Avec cet amendement démagogique, les députés sabreurs peuvent-ils au moins prétendre avoir fait des économies ? Même pas ! L’ONPV est avant tout une instance de travail et de concertation entre différents acteurs publics et parapublics avec un comité d’orientation qui adopte le programme de travail annuel de l’ONPV, valide les publications de l’observatoire et approuve le rapport annuel remis au Gouvernement et au Parlement. Le travail en lui-même est accompli par le pôle Analyse et Diagnostics Territoriaux de la direction générale déléguée Appui Opérationnel et Stratégique au sein de l’ANCT, évidemment en lien avec la direction générale déléguée à la Politique de la Ville au sein de l’ANCT. L’ONPV en réalité ne coûte rien d’autre que les frais de secrétariat de son comité d’orientation, soit moins de 40 000 euros par an. Par contre, la suppression de l’ONPV privera tous les acteurs de la politique de la ville, qui expriment depuis quelques jours à quel point cet observatoire est utile, de données essentielles à une action publique efficace et à son adaptation dans le temps1. C’est à terme une perte d’efficacité publique donc une perte d’argent public considérable qui sera provoqué si l’amendement adopté en commission spéciale est conservé à l’issue de l’examen en séance publique. Il est plus qu’étonnant que sa présidente, la haute fonctionnaire Laëtitia Hélouet, n’est jamais pris la parole dans le débat public pour déconstruire ces absurdités ; il faut croire qu’elle a une définition extensive du « devoir de réserve ». D’autres heureusement ont pris la parole, tant parmi les cadres de l’État qu’au sein des associations d’élus locaux comme Ville et Banlieue et ses partenaires, France Urbaine, APVF, Intercommunalités de France ou Villes de France.
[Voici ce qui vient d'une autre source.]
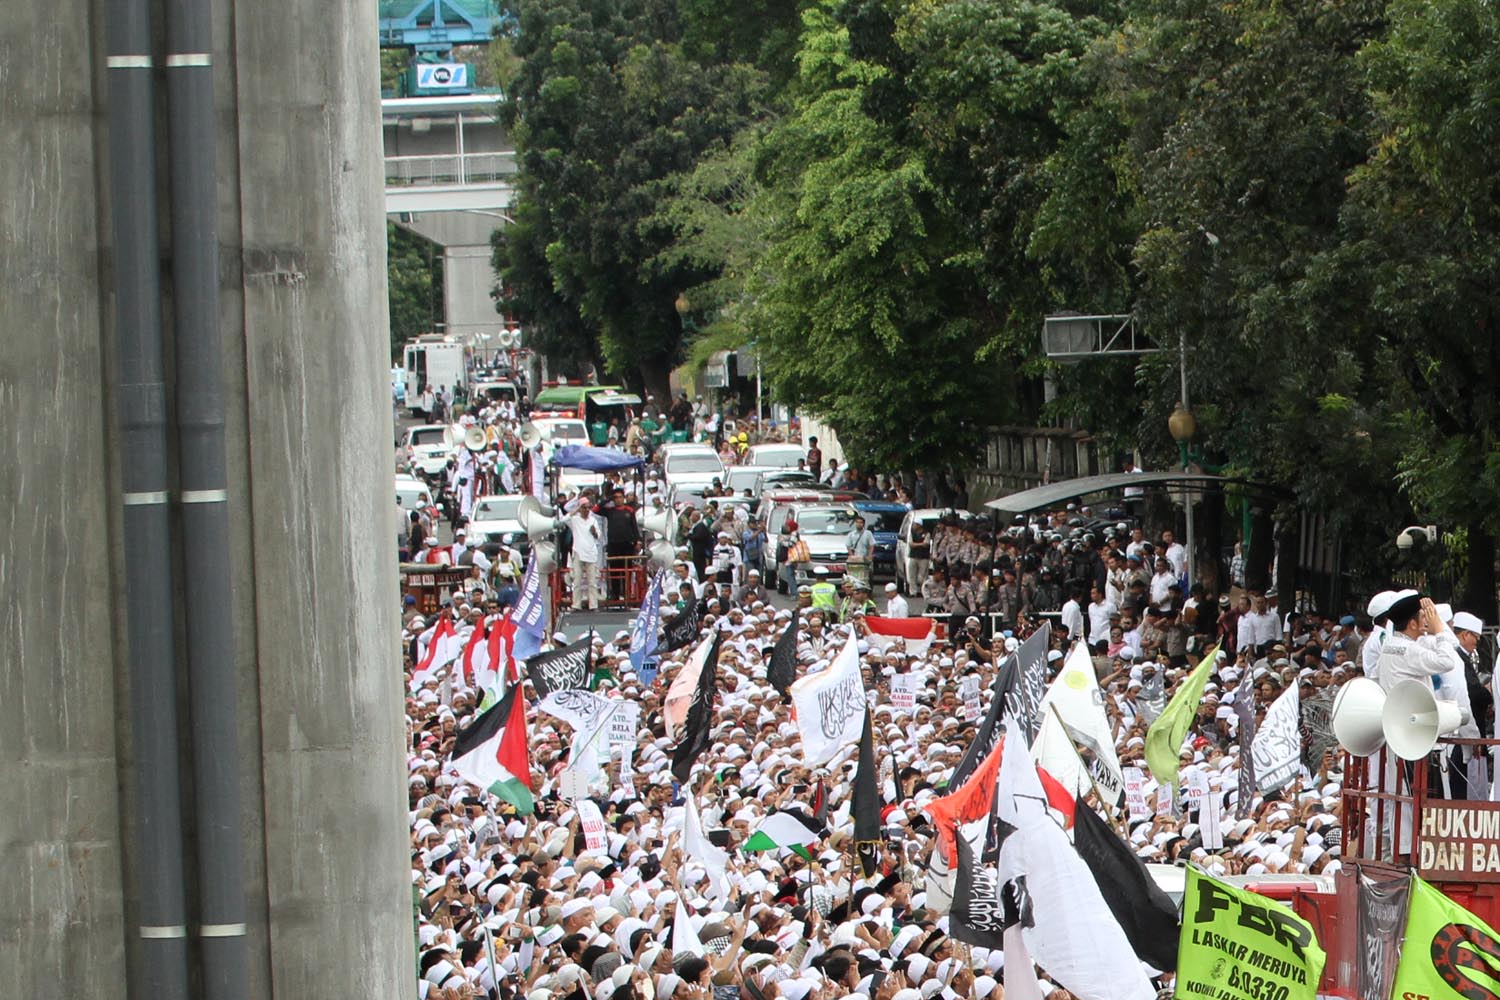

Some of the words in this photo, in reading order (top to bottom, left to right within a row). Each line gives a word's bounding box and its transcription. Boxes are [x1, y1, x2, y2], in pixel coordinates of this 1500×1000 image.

On ne peut que remercier Emmanuel Maurel et quelques autres députés de gauche (et du Modem) pour avoir déposé des amendements de rétablissement de l’ONPV2, mais le risque que l’irréparable soit commis est important : l’addition des voix des groupes RN, UDR, « droite républicaine » (hostiles par principe à la politique de la ville3) avec celles du « bloc central » – si ce dernier ne revenait pas rapidement à la raison (l’examen du texte est prévu dans la nuit du mardi 8 au mercredi 9 avril 2025) – est largement majoritaire.


L’Agence Nationale de la Cohésion des Territoires dans le collimateur ?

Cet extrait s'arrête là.